I don’t know when I’ll be ready to watch a film that’s been described as “grimly intense” but it’s definitely going on my list of things to watch sometime, and certainly gets my Pick of the Week.

Also out this week that looks interesting:

What?: I’ve never heard of this 1972 film by Roman Polanski. It’s apparently an “absurd, decadent, oversexed” version of Alice in Wonderland with Marcello Mastroianni as the Mad Hatter which is more than enough for me to check it out.

Brief Encounter (Criterion Collection): David Lean’s intimate account of a passing affair between two married people. This has already been released by Criterion on DVD in 2000 and again on Blu-ray as part of their David Lean Directs Noel Coward set (which we reviewed) but this is the first time the upgrade has come out on its own. It’s well worth grabbing if you don’t have the cash for the bigger set. Read my review.

Phoenix (Criterion Collection): Another well-regarded Holocaust story. This one is about a concentration camp survivor who searched postwar Berlin for the husband who may have betrayed her to the Nazis.

The Kennedy Films of Robert Drew & Associates (Criterion Collection): In the late ’50s, Life magazine correspondent Robert Drew set off to reinvigorate the documentary format and talked then-Candidate John F. Kennedy into letting him and his crew (including D.A. Pennebaker) follow him on the campaign trail (and ultimately into the Oval Office).
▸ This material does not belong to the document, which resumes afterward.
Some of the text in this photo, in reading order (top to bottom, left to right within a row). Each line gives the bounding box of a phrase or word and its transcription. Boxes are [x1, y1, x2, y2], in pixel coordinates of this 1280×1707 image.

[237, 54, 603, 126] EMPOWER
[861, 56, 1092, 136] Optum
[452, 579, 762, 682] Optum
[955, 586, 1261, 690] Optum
All four films they made about Kennedy (Primary, Adventures on the New Frontier, Crisis and Faces of November) are presented here in Criterion’s usual impeccable format.

Jane Got a Gun: Natalie Portman stars as the wife of an outlaw who returns home one day shot up and barely alive. She seeks the help of an ex-lover for revenge. Expect a review of this one from me in a few days as well.
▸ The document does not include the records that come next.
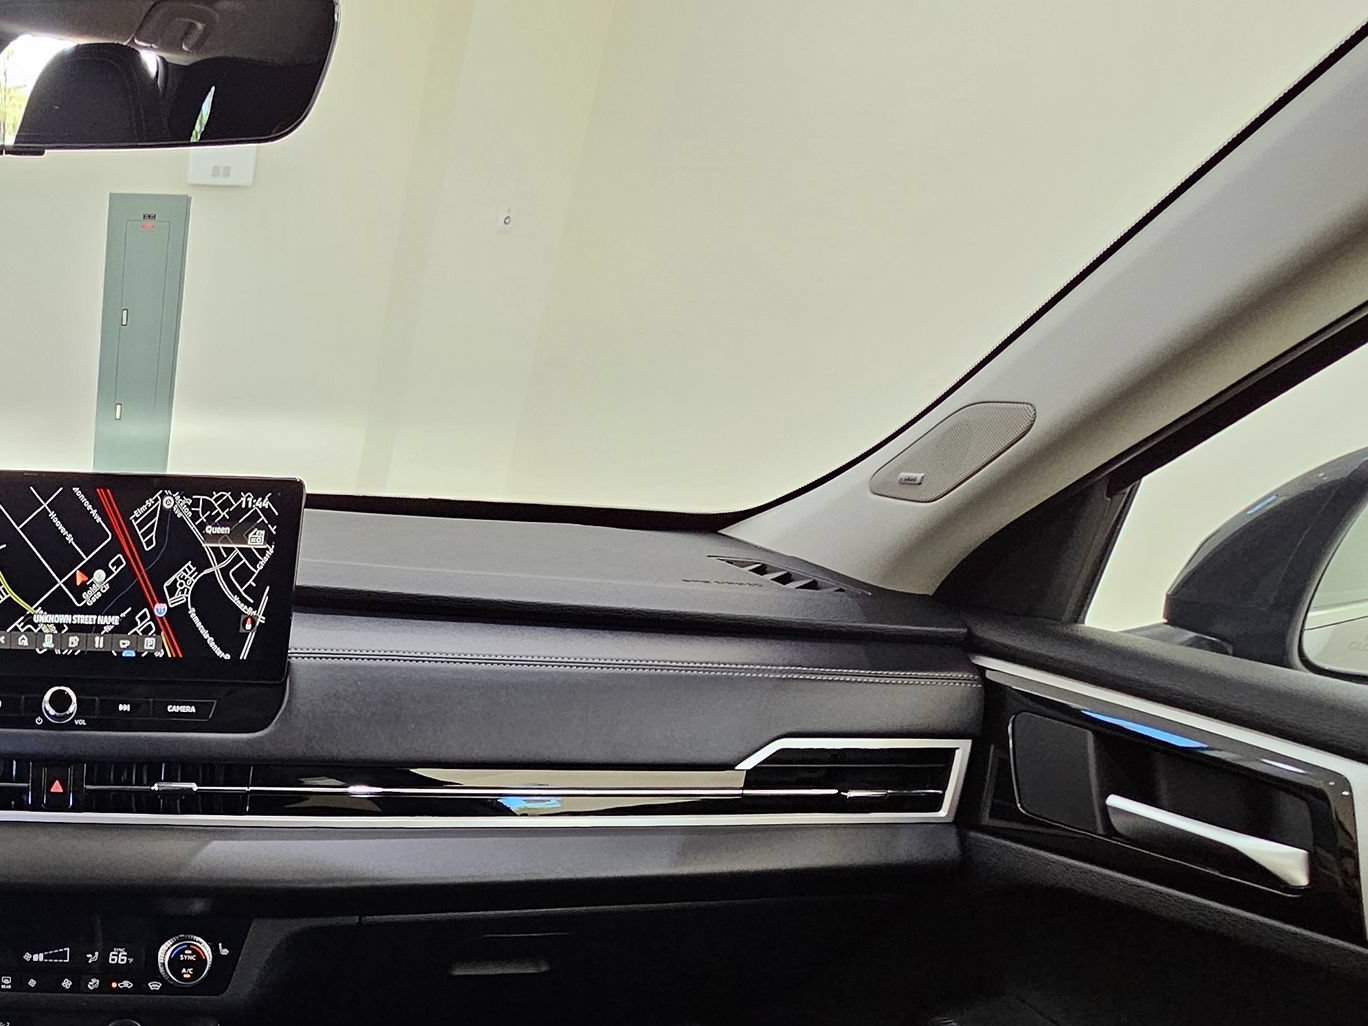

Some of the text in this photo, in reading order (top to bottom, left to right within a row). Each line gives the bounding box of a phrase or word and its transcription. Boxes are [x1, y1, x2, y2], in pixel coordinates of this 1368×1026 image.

[133, 498, 155, 518] Elm St
[241, 497, 269, 509] 11:44
[48, 510, 68, 536] Hoover
[205, 525, 231, 535] Queen
[33, 614, 120, 626] UNKNOWN STREET NAME
[188, 607, 209, 640] Temecula
[167, 705, 196, 713] CAMERA
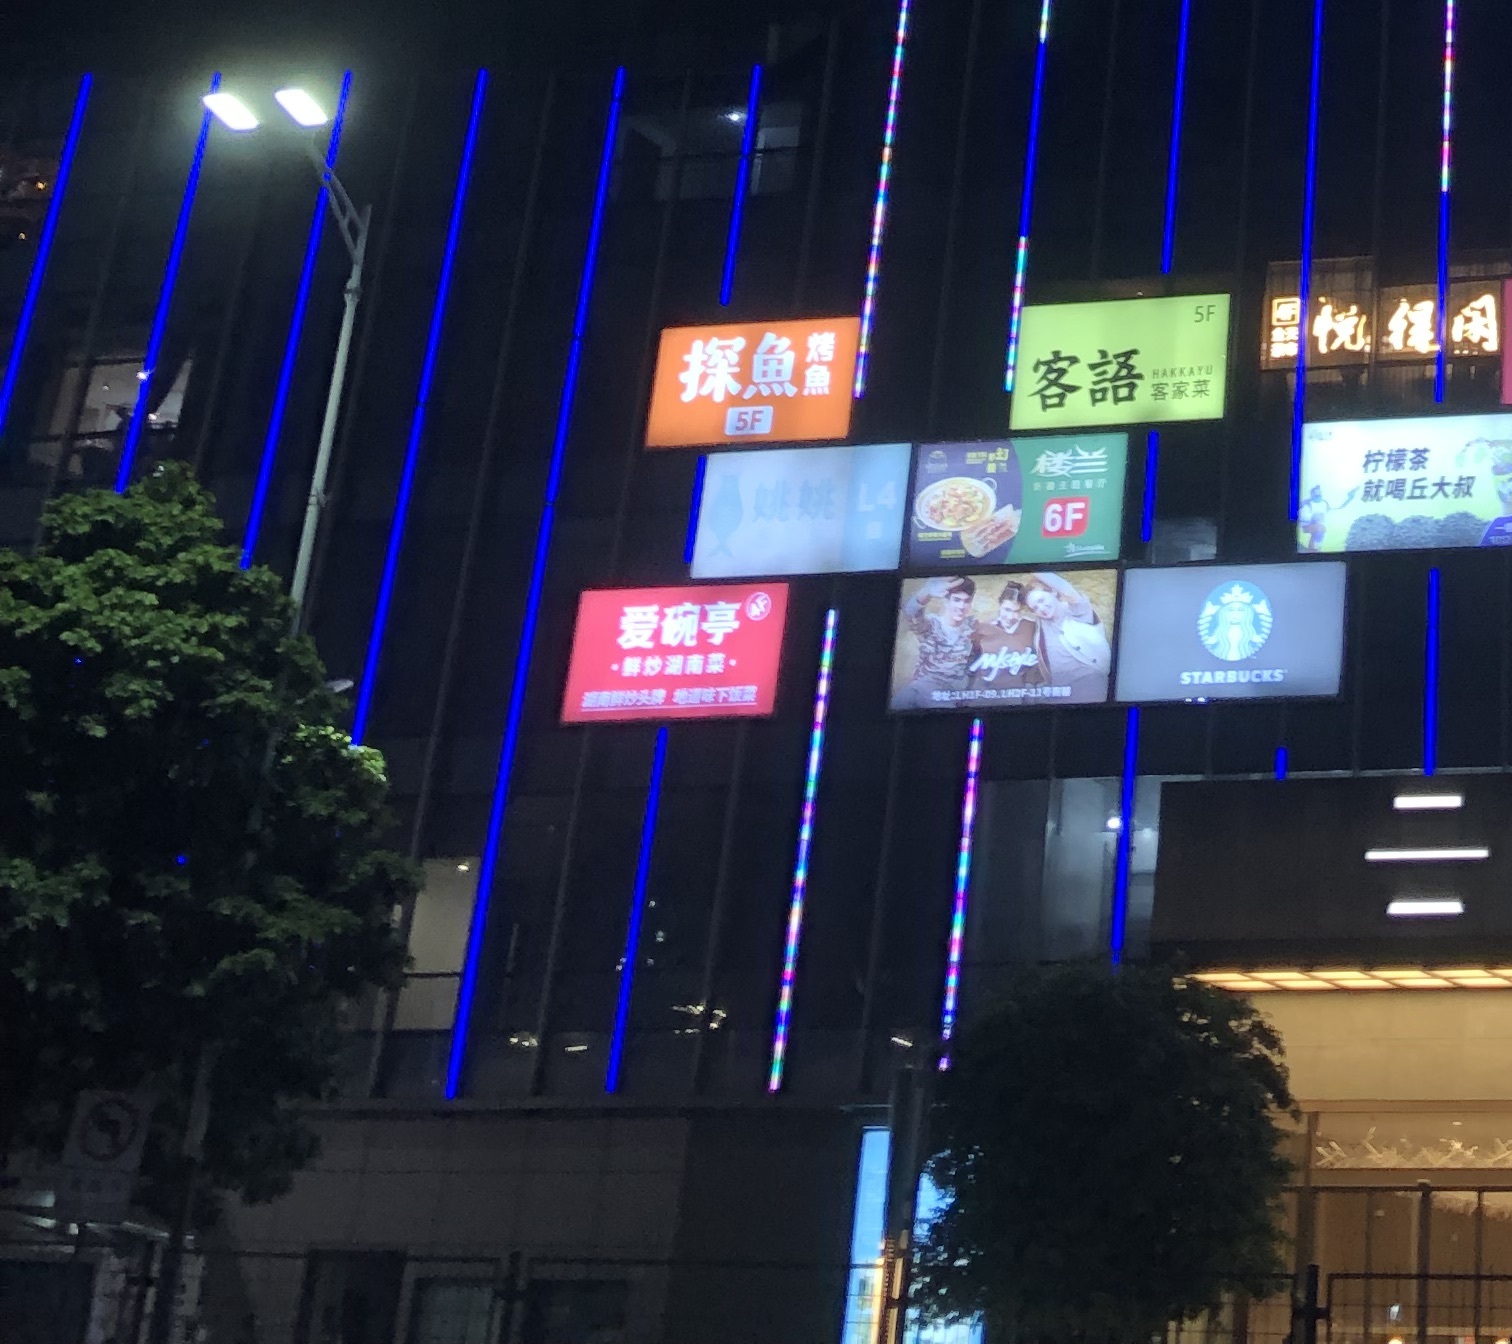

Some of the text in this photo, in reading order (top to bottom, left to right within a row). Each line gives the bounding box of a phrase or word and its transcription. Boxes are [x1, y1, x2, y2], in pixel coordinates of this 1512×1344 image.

Krampus: A self-aware Christmas horror movie from writer/director Michael Dougherty and starring Adam Scott and Toni Collette? Yes, please.

Backtrack: Adrien Brody and Sam Neill star in this thriller about a psychologist who suddenly finds all his patients are dead people.

The Zero Boys: Arrow video brings the ’80s back with this ridiculous (and ridiculously entertaining) action/horror mash-up. Read my review.